Ele intensifica a bombada, as estocadas sacodem meus peitos amassados, sinto o jato de sêmen dentro de mim.
Nossos orgasmos são estrondosos e quase simultâneos.
Deitados, lado a lado, minha buceta escorre porra. O porco molha o dedo e lubrifica o buraquinho do meu cu.
– Daqui a pouco, essa vai pro de trás – balançando a piroca, sem vigor.
– O de trás eu guardo pra casa – respondo e vou pro banheiro me higienizar.
Na volta, vejo no chão a cueca preta dele. Recolho e mostro:
– Só usa essas cuecas? Da outra vez era branca. –
– Sim. São de marca e vendem em pacotes de três de cores variadas. Mais de 100 dólares o pacote. –
Olho pra peça com atenção e leio a marca, em letras grandes maiúsculas: TOMMY HILFINGER.
“O que eu li ali no consultório?” – penso e lembro que, obnubilada pelo tesão, tinha “visto”:
HILLFINGER TOMMY e traduzido pro português “Dedo na colina Tommy” e pensei que escondia um baita dedo = piroca!
Nada a ver!
Que maluquice uma boa piroca não faz a gente pensar!

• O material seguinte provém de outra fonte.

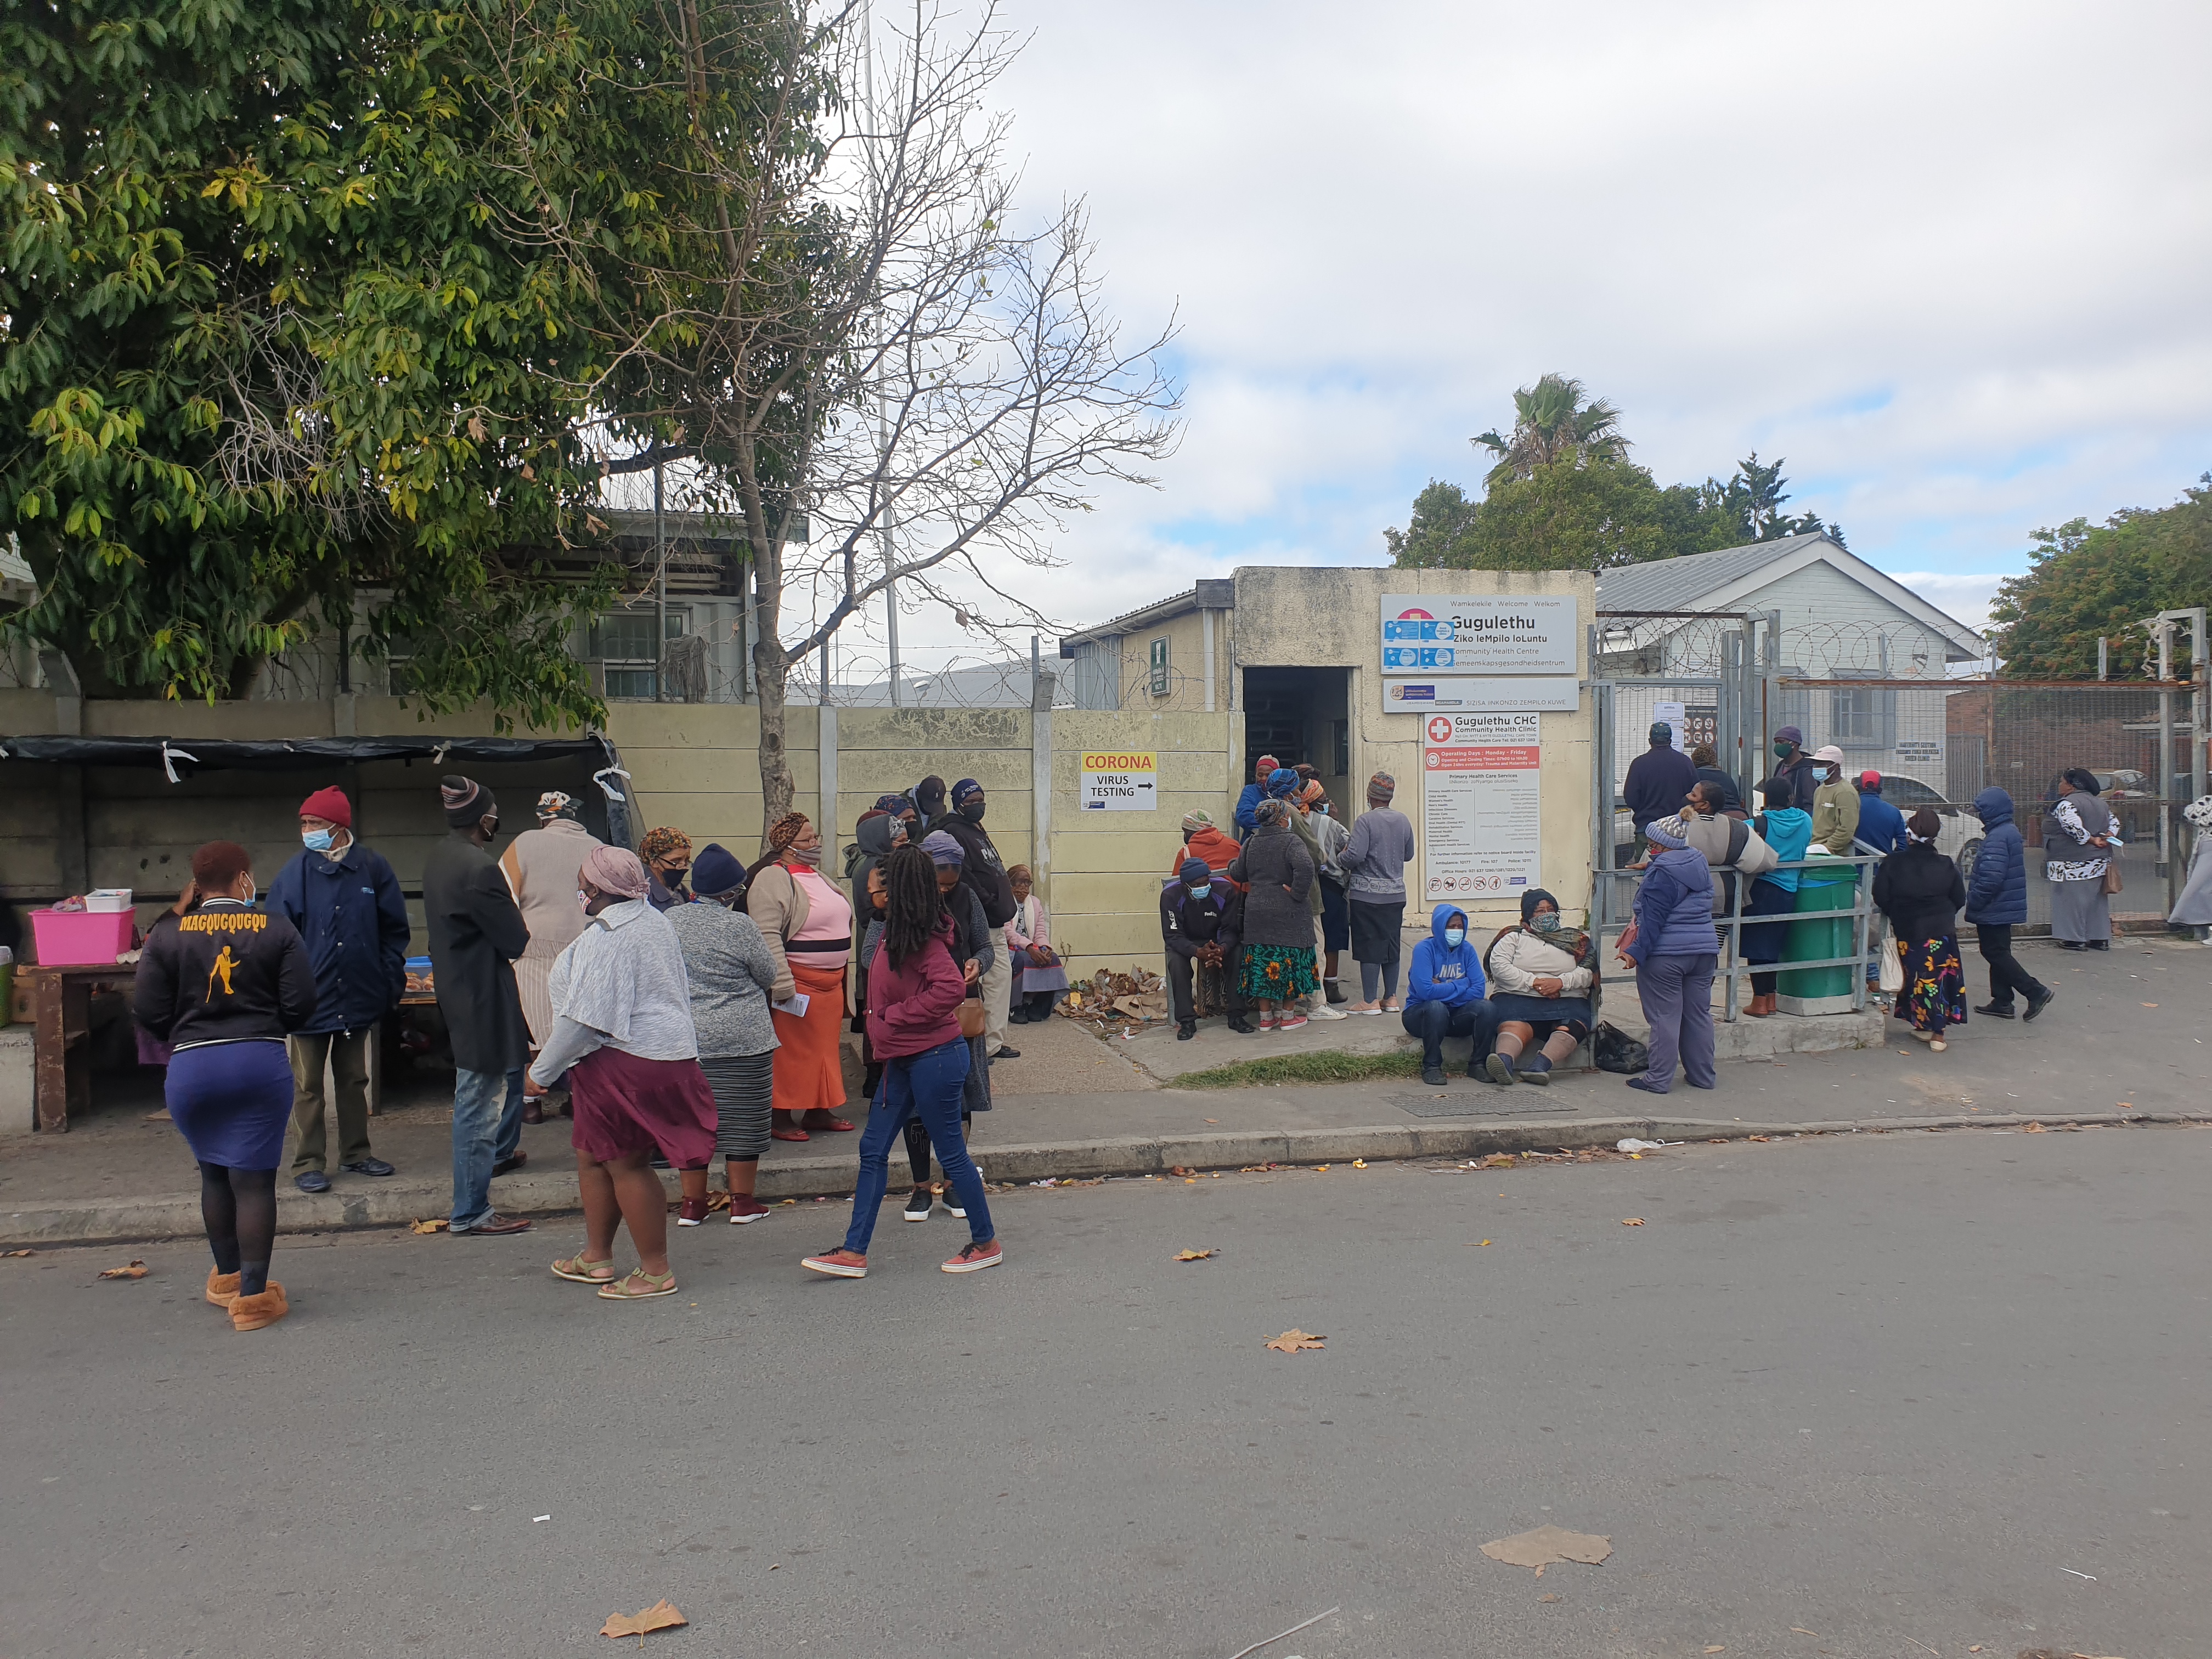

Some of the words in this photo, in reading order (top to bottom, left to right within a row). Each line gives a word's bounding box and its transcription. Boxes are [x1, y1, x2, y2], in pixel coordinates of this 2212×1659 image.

[1452, 616, 1535, 631] Gugulethu
[1455, 716, 1510, 727] Gugulethu
[1514, 716, 1537, 725] CHC
[1085, 755, 1152, 769] CORONA
[1097, 776, 1128, 785] VIRUS
[1091, 787, 1134, 797] TESTING
[179, 913, 267, 936] MAGQUGQUGQU
[1438, 962, 1462, 978] NIKE

É o nome do fundador da empresa de roupa masculina e feminina.
No resto do turno, o pediatra me empanturrou de prazer, paixão e esperma, com mais duas fodas.
Foi outro encontro de luxúria sem limites.
Temo que ele já é meu outro macho dominante. (Vai me foder quando quiser)
O primeiro, sem dúvida, é Carlos, meu marido.
Em casa à noite, Carlos, “gatilhado” pelo relato do meu segundo round com o pediatra, me “empombou” ardente e impetuoso com uma paixão superlativa, que poucas vezes curti, com ele ou com outro.
Nós nos amamos e adoro agradá-lo.
Ele também tem a Uns dias depois da minha segunda armadilha com o Mario, o pediatra, as cuecas dele TOMMY HILFINGER.
Como ele não usa boxer, só sunga, dei um pacote dessas pra ele. Cores: preto, branco e vermelho.